Sbc summit Lisbona, i grandi Ceo del gioco a confronto sull’intelligenza artificiale

Fra i temi trattati nel primo giorno dell'Sbc summit Lisbona, in agenda fino al 18 settembre, anche il ruolo dell'intelligenza artificiale nel settore del gioco.
Scritto da Redazione

© Sbc News

Il futuro del gioco è al centro dell'Sbc summit in corso a Lisbona dal 16 al 18 settembre.

E questa prospettiva permea tutto l'evento, a cominciare dal panel che nella mattinata di oggi ha visto confrontarsi gli amministratori delegati di cinque delle più grandi aziende del settore per discutere del ruolo dell'intelligenza artificiale nel settore.

Joanne Whittaker, Cep di Betfred, ha affermato che, sebbene la tecnologia sia importante, si assicura che la sua azienda continui a basarsi su fondamenta tradizionali. Ha poi messo in guardia contro l'uso eccessivo dell'intelligenza artificiale, menzionando le email scritte da intelligenza artificiale che legge ogni giorno e di cui siamo tutti dolorosamente consapevoli.

Neal Menashe, Ceo di Super Group, ha condiviso la convinzione che le giovani generazioni siano un elemento fondamentale per la sostenibilità a lungo termine del settore.

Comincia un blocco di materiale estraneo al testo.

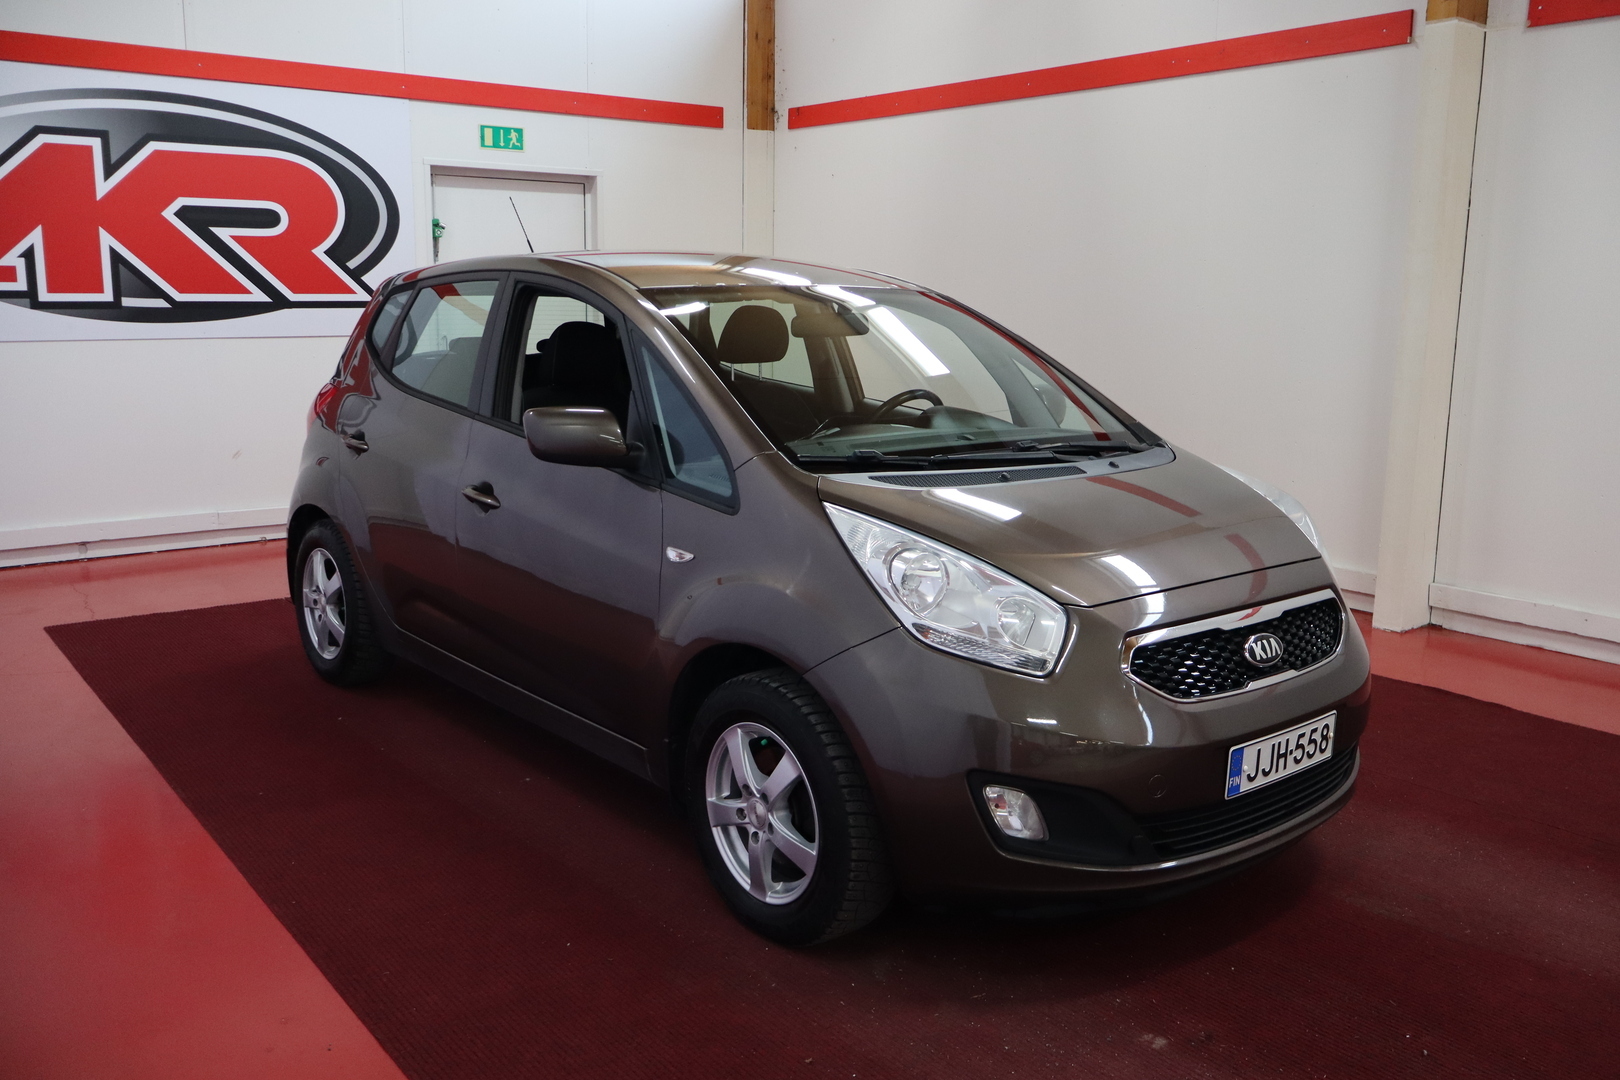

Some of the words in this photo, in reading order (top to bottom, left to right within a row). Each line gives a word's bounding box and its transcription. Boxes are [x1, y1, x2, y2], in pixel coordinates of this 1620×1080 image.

[1250, 638, 1280, 660] KIA
[1246, 723, 1330, 782] JJH-558
[1229, 775, 1241, 788] FIN

Poiché queste persone sono generalmente più esperte di tecnologia, questo rende naturalmente l'intelligenza artificiale un segmento chiave da non trascurare.

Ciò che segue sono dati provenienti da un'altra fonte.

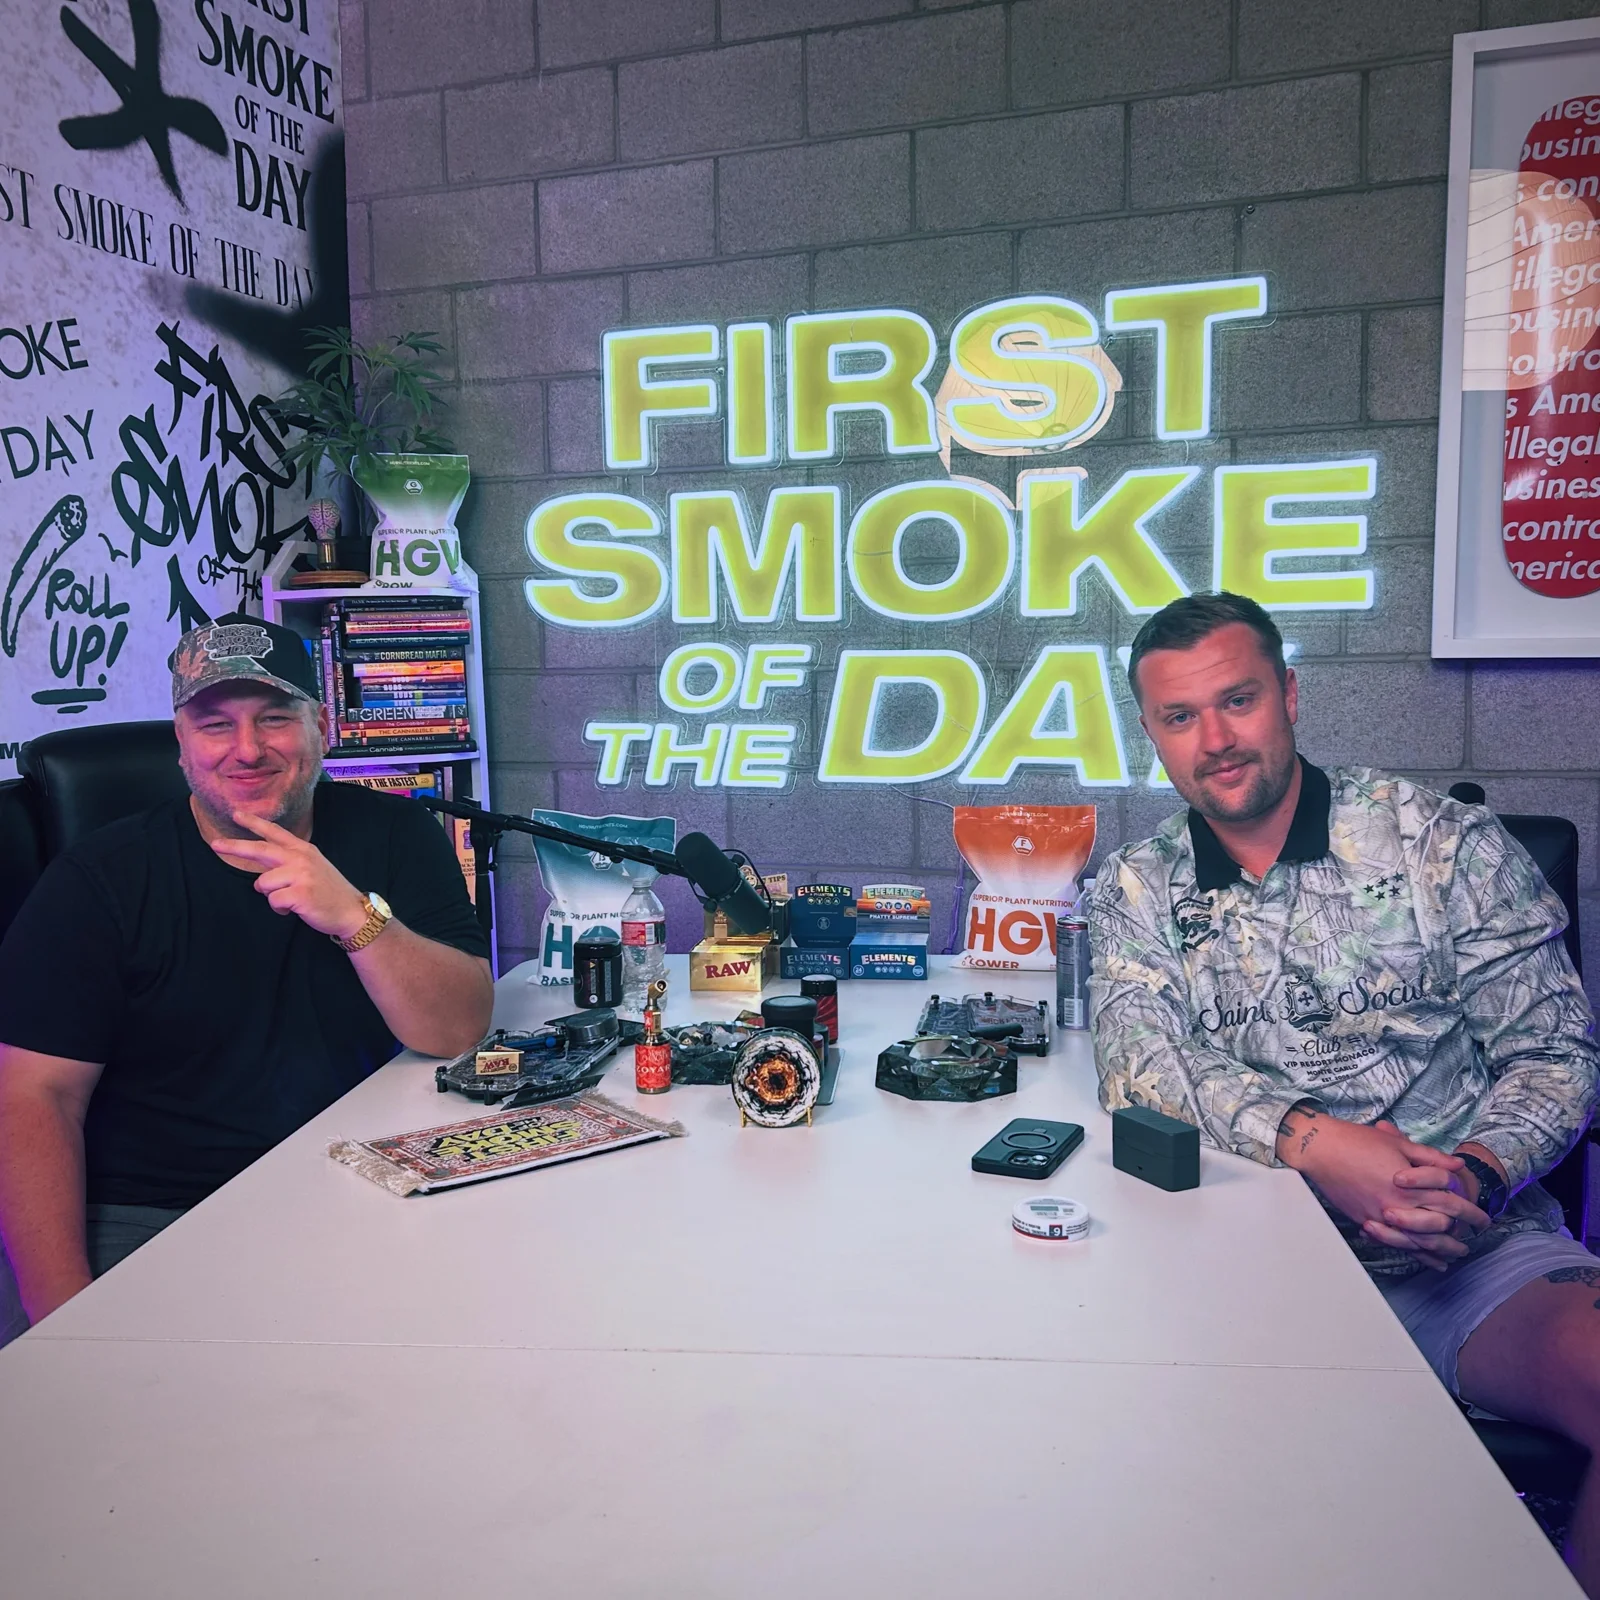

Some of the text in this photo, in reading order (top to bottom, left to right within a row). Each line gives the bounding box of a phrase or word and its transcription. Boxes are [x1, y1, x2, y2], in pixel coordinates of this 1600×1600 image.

[194, 0, 335, 124] SMOKE
[234, 95, 305, 155] OF THE
[232, 138, 312, 232] DAY
[54, 183, 156, 267] SMOKE
[169, 223, 201, 280] OF
[214, 237, 264, 300] THE
[273, 257, 318, 312] DAY
[602, 276, 1267, 469] FIRST
[0, 409, 94, 480] DAY
[522, 457, 1378, 628] SMOKE
[197, 554, 231, 588] OF
[50, 620, 128, 687] UP!
[380, 651, 424, 660] CORNBREAD
[425, 650, 448, 659] MAFIA
[327, 675, 335, 704] MICROBES
[659, 642, 811, 714] OF
[360, 707, 415, 721] GREEN
[329, 720, 337, 745] TEAMING
[369, 745, 404, 753] Cannabis
[585, 722, 797, 788] THE
[364, 778, 373, 788] OF
[373, 777, 389, 788] THE
[388, 776, 418, 787] FASTEST
[769, 874, 786, 883] TIPS
[797, 885, 851, 897] ELEMENTS
[866, 887, 922, 899] ELEMENTS
[973, 894, 1004, 903] SUPERIOR
[1005, 897, 1031, 905] PLANT
[581, 912, 607, 921] PLANT
[705, 960, 752, 979] RAW
[787, 954, 842, 965] ELEMENTS
[861, 953, 916, 966] ELEMENTS
[1300, 1058, 1332, 1068] RESORT
[1334, 1047, 1376, 1064] MONACO
[1306, 1064, 1359, 1076] MONTE CARLO
[433, 1120, 582, 1157] SMOKE
[435, 1123, 513, 1149] DAY
[466, 1127, 581, 1162] FIRST

Secondo Jesper Svensson, Ceo di Betsson Group, l'intelligenza artificiale si è dimostrata estremamente efficace nel risolvere problemi che erano impossibili da risolvere 10 anni fa, mentre Daniel Taylor, Ceo di Flutter International, ha aggiunto che l'intelligenza artificiale sta offrendo ai marchi emergenti la possibilità di competere con i grandi player tradizionali.